PROCEEDINGS: Index of Abstracts
CALCIUM STATUS OF THE FOREST FLOOR IN RED SPRUCE
FORESTS OF THE NORTHEASTERN U.S. - PAST, PRESENT AND FUTURE
1-Department of Forestry, University of Illinois,
1102 S. Goodwin, Urbana, IL 61801. 2-Research Hydrologist, U.S.
Geological Survey, 425 Jordan Rd., Troy, NY 12180. 3-USDA Forest
Service, Northeastern Forest Experiment Station, Durham, NH 03824.

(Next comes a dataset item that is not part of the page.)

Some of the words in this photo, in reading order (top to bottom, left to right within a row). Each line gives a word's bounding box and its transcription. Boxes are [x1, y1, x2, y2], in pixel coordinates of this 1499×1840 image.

4-USDA Forest Service, Northeastern Forest Experiment Station, Hubbard
Brook Experimental Forest, Campton, NH.
Dieback and growth decline of red spruce (Picea rubens) in the
eastern U.S. coincides with the period of acidic deposition, and
has led to much speculation as to whether this decline is caused
by decreased root-available Ca in the soil. Results of intensive
research at several sites have led to conflicting conclusions as
to whether acidic deposition has depleted Ca concentrations in the
rooting zone to the degree that would cause growth decline in red
spruce. Regional evaluations of the current status of soil Ca in
red spruce forests have been limited by the small number of sites
at which soil and soil solution Ca concentrations have been measured
with comparable methods. Comparisons with historical data have also
been limited by a lack of current data that is directly relatable.

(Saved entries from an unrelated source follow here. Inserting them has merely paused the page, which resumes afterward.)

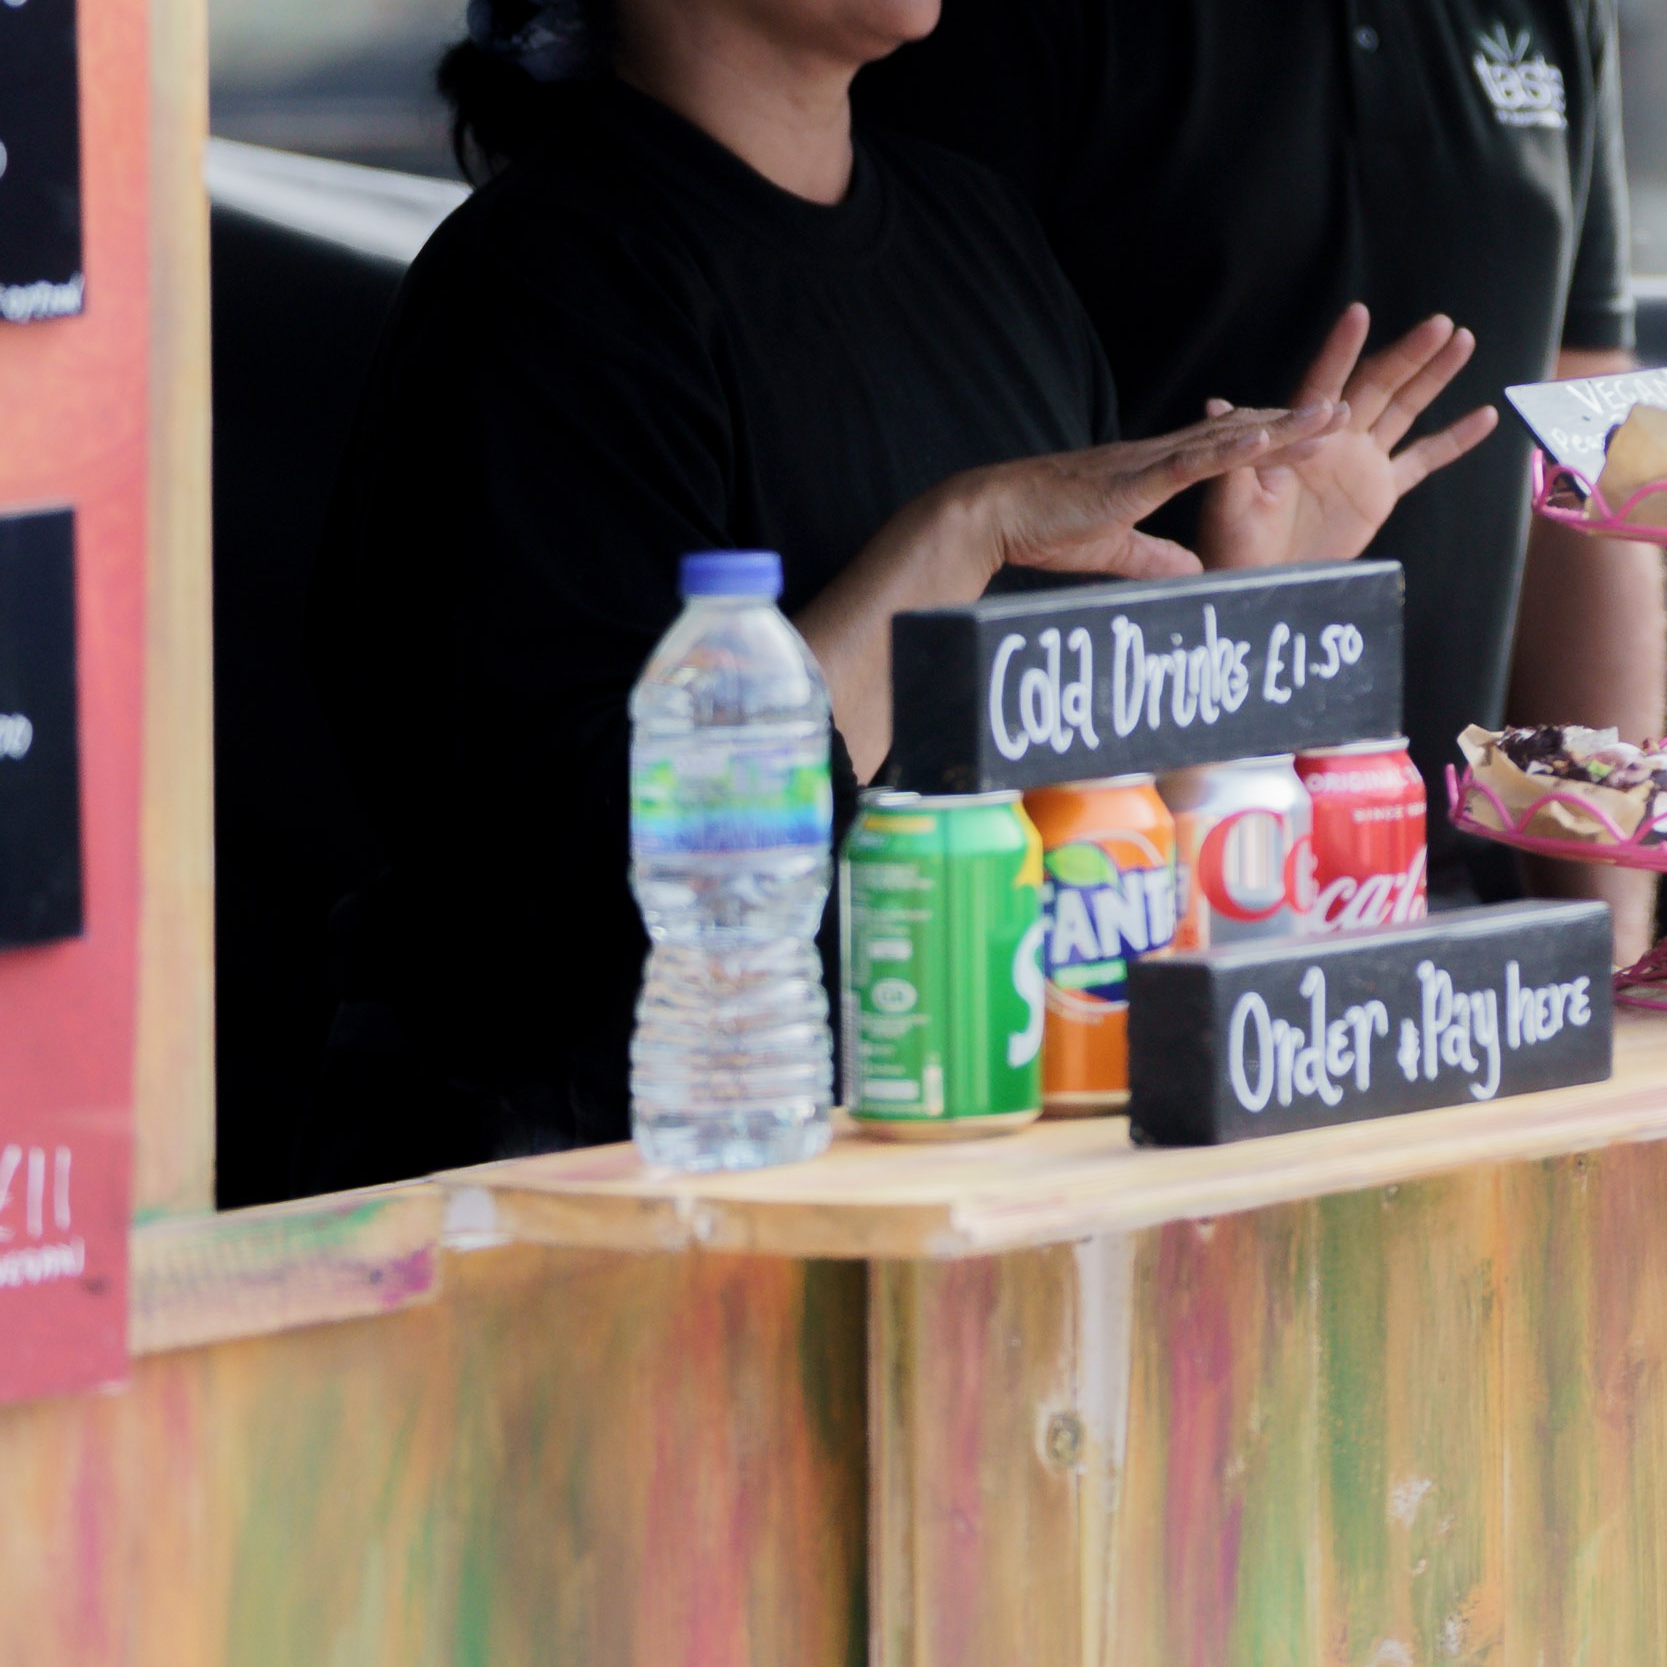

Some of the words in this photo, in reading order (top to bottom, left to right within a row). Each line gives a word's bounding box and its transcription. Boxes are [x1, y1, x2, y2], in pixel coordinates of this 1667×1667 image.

[990, 627, 1101, 761] Cold
[1111, 603, 1252, 737] Drinks
[1262, 622, 1364, 705] £1.50
[1228, 965, 1390, 1113] Order
[1417, 960, 1500, 1101] Pay
[1505, 960, 1592, 1051] here

To obtain the additional data necessary for a regional analysis
of soil Ca in red spruce forests, either 18 or 36 soil and soil
solution samples were collected in 1992-93 from 12 sites in New
York, Vermont, New Hampshire and Maine in a study supported by the
USDA Forest Service Global Change Research Program. These sites
represent the range of environmental conditions and stand health
for red spruce in the northeastern U.S. Comparison with results
from separate studies by Heimburger and Lunt in the 1930s indicate
that current acid-extractable Ca concentrations in the Oa horizon
are less than one-half the average measured in the 1930's. A statistically
significant decrease of similar magnitude was also observed for
both exchangeable and acid-extractable Ca, over the past two decades,
in archived samples collected in red spruce stands at the Hubbard
Brook Experimental Forest, N.H. The average ratio of inorganic Al
to Ca in mineral-soil solution for the 12 sites was 5.0, indicating
that inhibition of Ca uptake by Al in the mineral soil may have
contributed to the decline of Ca concentrations in the forest floor.
A Ca budget, developed through the use of Sr isotope ratios to estimate
weathering rates, suggests that root-available Ca in the northeastern
U.S. will likely continue to decline.